Beacon Hill Cookies
Not being a huge chocolate fan, I had my reservations about a flourless chocolate cookie. I was pleasantly surprised with the results - a deeply chocolatey flavor without being super sugary. In this recipe, it's all about the quality of the chocolate you use.
I realized while I was making these that they're not only chocolatey, they're also gluten and dairy-free. These make a decadent desserts for those folks used to eating applesauce-based sweets.
A few notes on this recipe:
- The percentage of cocoa in the chocolate will make a difference in the cookie's texture. I used a chocolate with 75% cocoa and the results were a crumbly meringue cookie. A lower cocoa percentage (like 65%) should produce a cookie that dissolves or melts in your mouth. The higher percentage cocoa makes for a drier cookie. (I used Cacao Barry 75% - Tanzanie)
- The weight of a typical large egg is 2 oz., of which 2/3 of that is the white. If you're using boxed liquid egg whites, you'll want to weigh out about 2.5 ounces for this recipe.
Beacon Hill Cookies
6 oz bittersweet or semisweet chocolate, cut in pieces
2 large egg whites, at room temperature
1/8 tsp cream of tartar
1/2 tsp vanilla extract
1/4 c sugar
3/4 c chopped walnuts
2 cookie sheets, lined with parchment paper or greased
- Preheat the oven to 350F. Position racks in the upper and lower thirds of the oven.

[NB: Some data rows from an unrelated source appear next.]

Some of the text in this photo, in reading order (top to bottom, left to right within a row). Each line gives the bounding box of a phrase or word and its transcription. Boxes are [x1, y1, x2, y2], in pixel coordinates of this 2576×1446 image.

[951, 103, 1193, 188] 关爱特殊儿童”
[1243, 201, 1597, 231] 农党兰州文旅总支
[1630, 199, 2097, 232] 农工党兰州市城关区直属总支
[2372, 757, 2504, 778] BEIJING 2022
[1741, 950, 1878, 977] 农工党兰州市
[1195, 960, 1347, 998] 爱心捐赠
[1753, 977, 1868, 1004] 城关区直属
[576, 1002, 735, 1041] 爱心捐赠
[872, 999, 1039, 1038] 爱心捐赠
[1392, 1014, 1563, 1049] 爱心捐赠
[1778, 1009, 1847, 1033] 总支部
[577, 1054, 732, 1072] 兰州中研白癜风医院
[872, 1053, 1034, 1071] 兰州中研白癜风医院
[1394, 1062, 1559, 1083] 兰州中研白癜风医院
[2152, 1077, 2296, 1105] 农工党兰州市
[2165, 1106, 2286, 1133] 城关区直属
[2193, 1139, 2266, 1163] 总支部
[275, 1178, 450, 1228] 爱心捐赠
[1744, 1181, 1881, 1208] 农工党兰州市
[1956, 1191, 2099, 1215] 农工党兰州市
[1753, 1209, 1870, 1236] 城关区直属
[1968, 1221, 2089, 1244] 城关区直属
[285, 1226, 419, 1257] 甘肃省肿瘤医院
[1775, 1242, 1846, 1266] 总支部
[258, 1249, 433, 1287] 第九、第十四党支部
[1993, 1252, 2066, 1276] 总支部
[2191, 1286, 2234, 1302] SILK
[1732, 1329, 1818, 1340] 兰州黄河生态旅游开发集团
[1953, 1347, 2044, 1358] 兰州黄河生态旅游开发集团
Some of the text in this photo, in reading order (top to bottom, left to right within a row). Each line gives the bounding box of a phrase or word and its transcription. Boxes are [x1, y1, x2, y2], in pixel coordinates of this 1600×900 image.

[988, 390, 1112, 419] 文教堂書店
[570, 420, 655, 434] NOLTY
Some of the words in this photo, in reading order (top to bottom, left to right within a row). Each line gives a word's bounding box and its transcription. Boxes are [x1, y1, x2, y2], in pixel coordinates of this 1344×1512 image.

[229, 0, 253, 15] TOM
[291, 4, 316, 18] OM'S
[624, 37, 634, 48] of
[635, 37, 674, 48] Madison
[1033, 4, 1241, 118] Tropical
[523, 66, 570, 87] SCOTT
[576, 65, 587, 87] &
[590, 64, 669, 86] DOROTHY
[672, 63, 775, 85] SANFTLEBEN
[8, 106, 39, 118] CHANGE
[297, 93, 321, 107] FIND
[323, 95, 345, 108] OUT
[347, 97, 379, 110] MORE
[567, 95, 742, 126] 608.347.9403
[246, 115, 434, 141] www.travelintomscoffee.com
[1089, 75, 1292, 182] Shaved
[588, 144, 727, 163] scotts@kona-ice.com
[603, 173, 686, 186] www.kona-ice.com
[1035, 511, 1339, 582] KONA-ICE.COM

- Melt the chocolate in a heatproof bowl in the microwave on medium power for 2 to 2 1/2 minutes, or set the bowl in a skillet of barely simmering water. Stir frequently until the chocolate is almost completely melted. Remove from the heat and continue to stir to complete the melting. Set aside.
- Beat the egg whites with the cream of tartar and vanilla until soft peaks form when you lift the beaters.
- Add the sugar gradually, continuing to beat until the egg whites are stiff but not dry.
- Pour the nuts and all of the warm chocolates over the egg whites.
- Fold with a rubber spatula until the color is uniform. Do not let the batter wait.
- Drop level teaspoons of batter at least 1 inch apart on the cookie sheets.
- Bake for 10 - 12 minutes, or until the cookies are shiny and cracked, firm when you press them but still gooey inside.
- Rotate the sheets from front to back and top to bottom of the oven about halfway through the baking time to ensure even baking.
- Slide the parchment liners onto racks or transfer individual cookies from the pan with a metal pancake turner.
- Cool cookies completely. Cookies are best on the day they are baked but still delectable a couple of days later.
Makes about 30 2-inch cookies
May be stored, airtight, for 2 to 3 days.
This recipe comes from Alice Medrich's Cookies and Brownies, and is available on Purple House Dirt with permission from the author.